Unfortunately, though Calfee and Seven and the other few hundred other participants in the "handmade bike show" in Sacramento CA make fine bikes but they are not "large manufactures". Look at it this way: GM wants to sell cars in China so they build a factory in China. The Chinese people want to buy BMW's, so the Germans add another shift to the plant in Munich. When I was in Germany last June a friend looked around and remarked that everyone that wanted a job had one in Germany and the economy was MUCH better (in Germany) then in her country. Treks "sell themselves" and after 7 tour victories and countless National Championship victories they could easily mimic the German company. How many pennies is not the point. 

Please read my statement about chain damage in my posting and get out and have fun riding!


----------



## davidka (Dec 12, 2001)

onefastbiker said:


> tbb001:
> . Look at it this way: GM wants to sell cars in China so they build a factory in China. The Chinese people want to buy BMW's, so the Germans add another shift to the plant in Munich. When I was in Germany last June a friend looked around and remarked that everyone that wanted a job had one in Germany and the economy was MUCH better (in Germany) then in her country. Treks "sell themselves" and after 7 tour victories and countless National Championship victories they could easily mimic the German company. How many pennies is not the point.


It is the point though, it's not pennies, it's many dollars. Other companies are selling high end road bikes into the same markets as Trek and enjoying a big competitive advantage by being more profitable while being able to price their product more aggressively. Trek, Specialized, Cannondale, etc. operate on a far different scale than the hundreds of makers at NAHMBS, they have large dealer bases depending on them to continue to offer them compelling products that will make them successful.

Made in America is important but today it's just not viable for many business models. Maybe that will change as China and Taiwan continue to grow their economies and their labor becomes more expensive.

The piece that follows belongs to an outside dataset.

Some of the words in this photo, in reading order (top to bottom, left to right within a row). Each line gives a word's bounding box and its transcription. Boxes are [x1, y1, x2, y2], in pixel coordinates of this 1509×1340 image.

BMW sells more cars at a higher profit in America by making them in South Carolina.


----------



## onefastbiker (Mar 23, 2012)

You are right about other companies sending their work away and short term profit goes up when they do. BMW makes their small SUV in South Carolina. USA is the only country where that model is popular and I I'm pleased the Germans can make a business model that makes it profitable to manufacture something here.

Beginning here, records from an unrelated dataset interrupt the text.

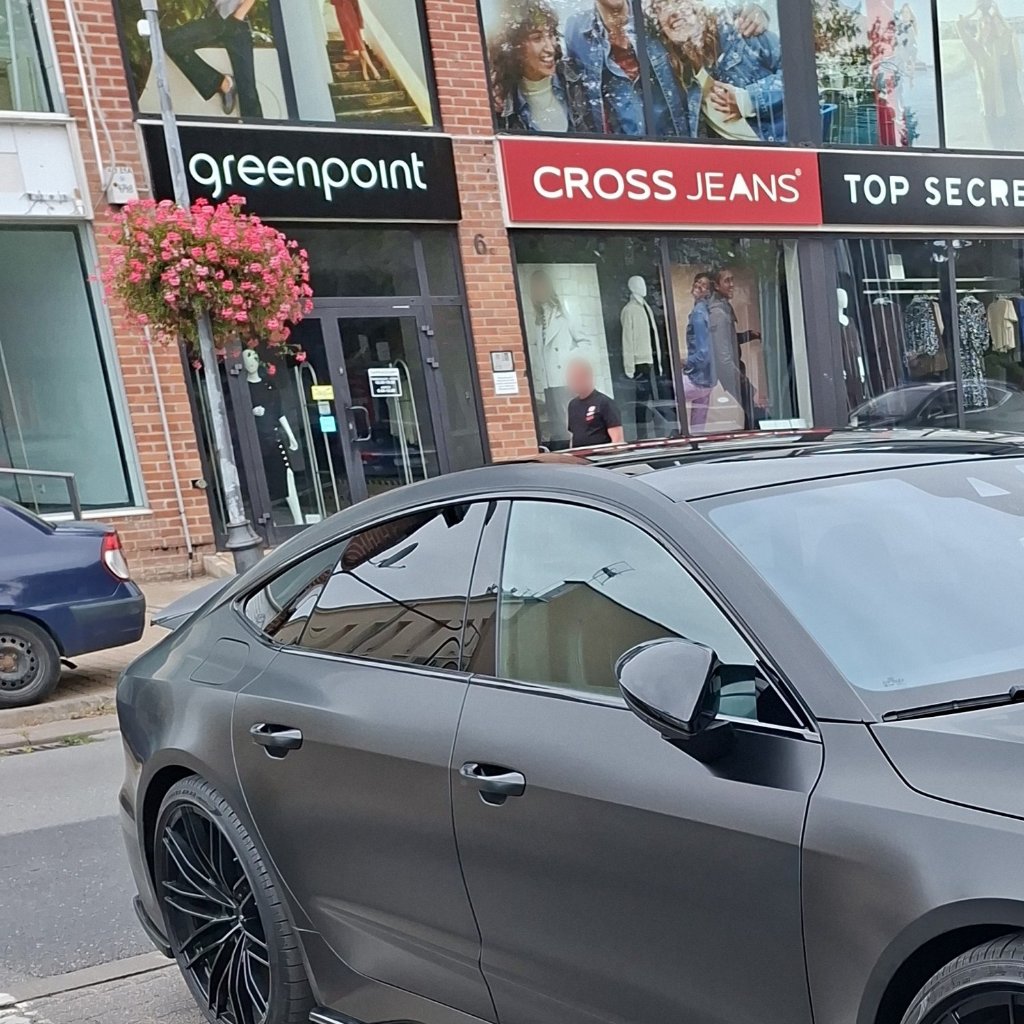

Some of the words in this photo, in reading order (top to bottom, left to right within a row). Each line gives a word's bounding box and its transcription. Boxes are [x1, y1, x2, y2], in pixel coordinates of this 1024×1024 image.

[188, 152, 427, 201] greenpoint
[532, 165, 677, 202] CROSS
[686, 171, 801, 203] JEANS
[843, 174, 909, 205] TOP
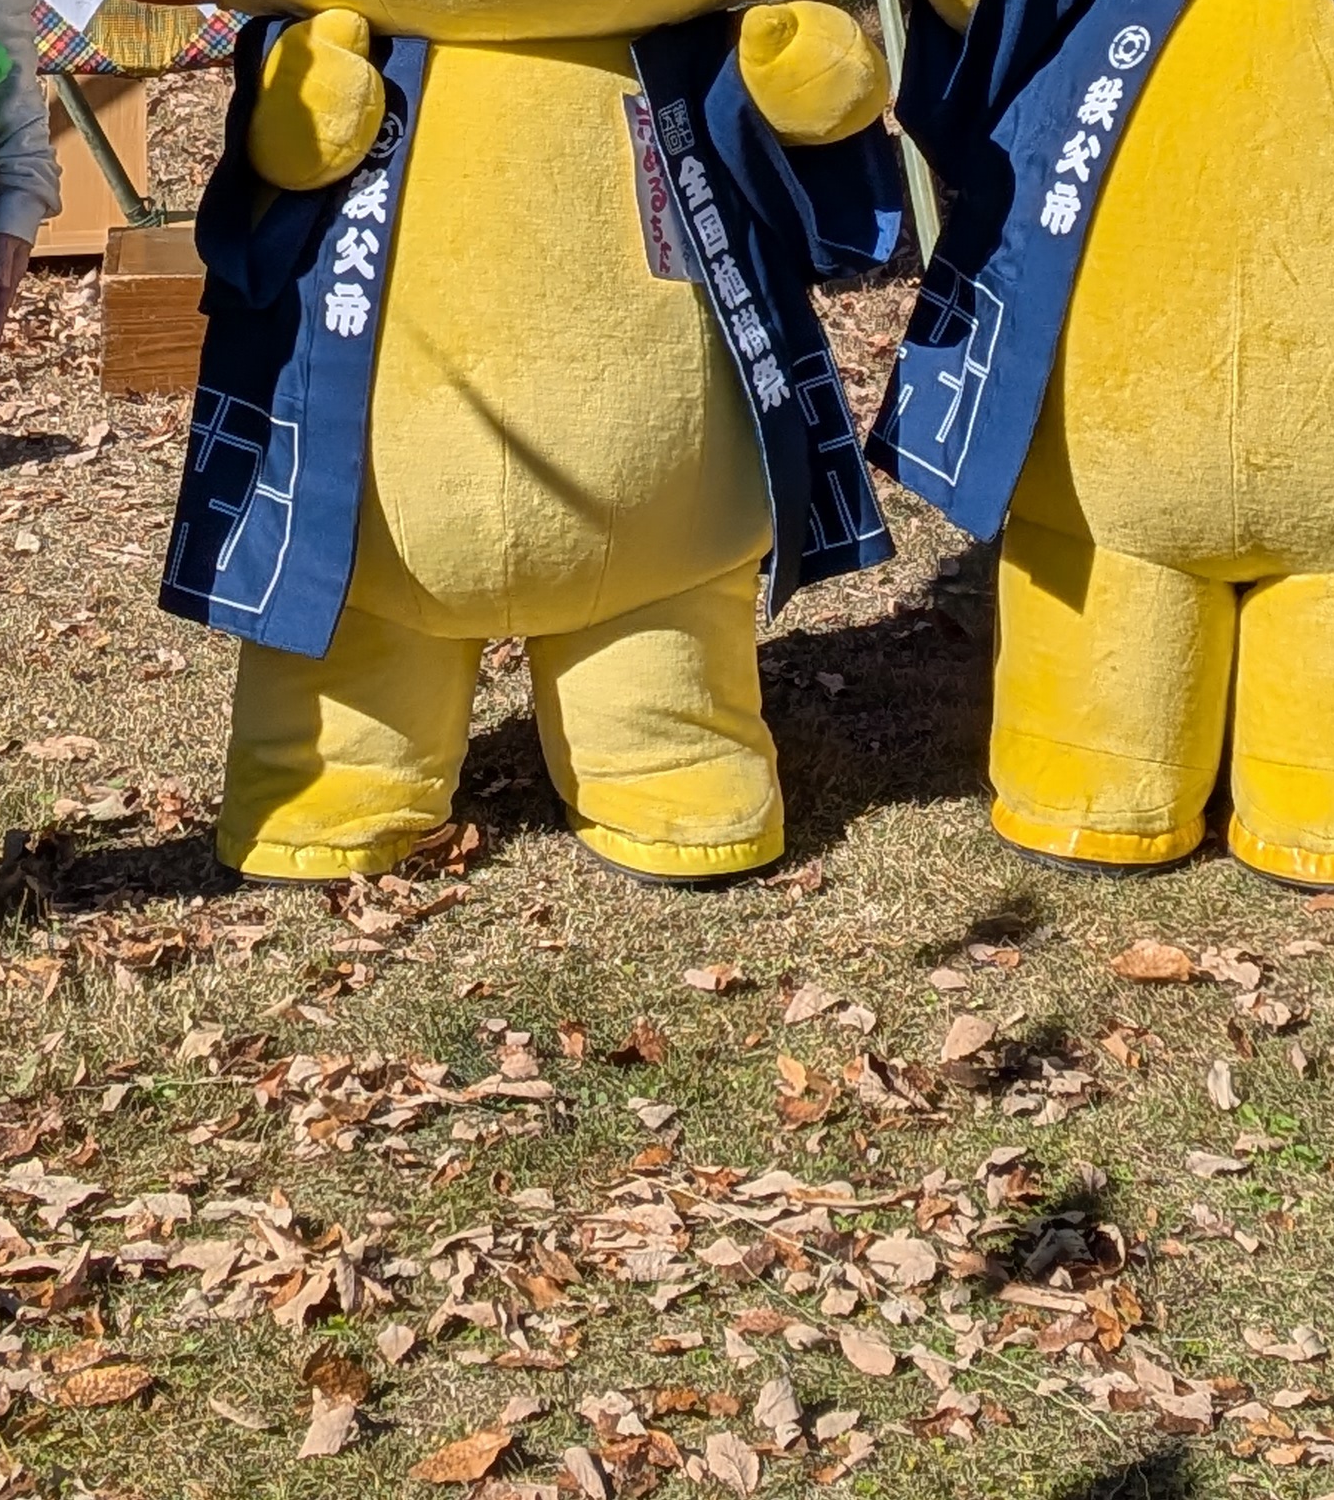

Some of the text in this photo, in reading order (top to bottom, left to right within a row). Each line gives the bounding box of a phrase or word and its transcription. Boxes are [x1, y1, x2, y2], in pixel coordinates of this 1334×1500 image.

[1040, 75, 1124, 235] 秩父市
[324, 168, 391, 338] 秩父市
[678, 156, 790, 413] 全国植樹祭

What I am saying is that bicycle companies should have other priorities than simply increasing their profits. Trek made competitive bikes in the world market in this country for years - I've owned several of them and I saw one their OCLV carbon bikes win a race in Olympic Park (Munich Germany) in 2001. That bike had a Made in the USA decal on it and the racer that owned it was proud of it.

If the only viable business model is to utilize the cheapest labor possible for building the bikes that USA technology once led the world with we will loose that technological edge very quickly. The market is flooded with no-name carbon frames from china for $400 as a result of giving them this technology. The manufacture of these frames was pioneered by TREK in the early 1990's. I raced my 1993 5200 for several years and nothing in world could match that frame at that time. 

You and I can not change the direction of American companies, but a country that exports food and raw materials and buys manufactured goods is often called third world country. This is where your "viable" business model leads the United States. The Germans are not following this path. The president of of this country wants us to make things here for the sake of our future and we need to follow that direction. Trek shouldn't get a tax break for moving their manufacturing overseas. We MUST require our politicians and corporations to act now - while we can.


----------



## MarvinK (Feb 12, 2002)

My biggest objection to the pennies vs dollars argument is that when bikes move overseas, the dollars don't reflect this. They didn't for the 5-series Treks, the Domane is more expensive than a 6-series Madone (nearly SSL price), Cannondale CAAD series didn't get cheaper when they got shut down and sent overseas. 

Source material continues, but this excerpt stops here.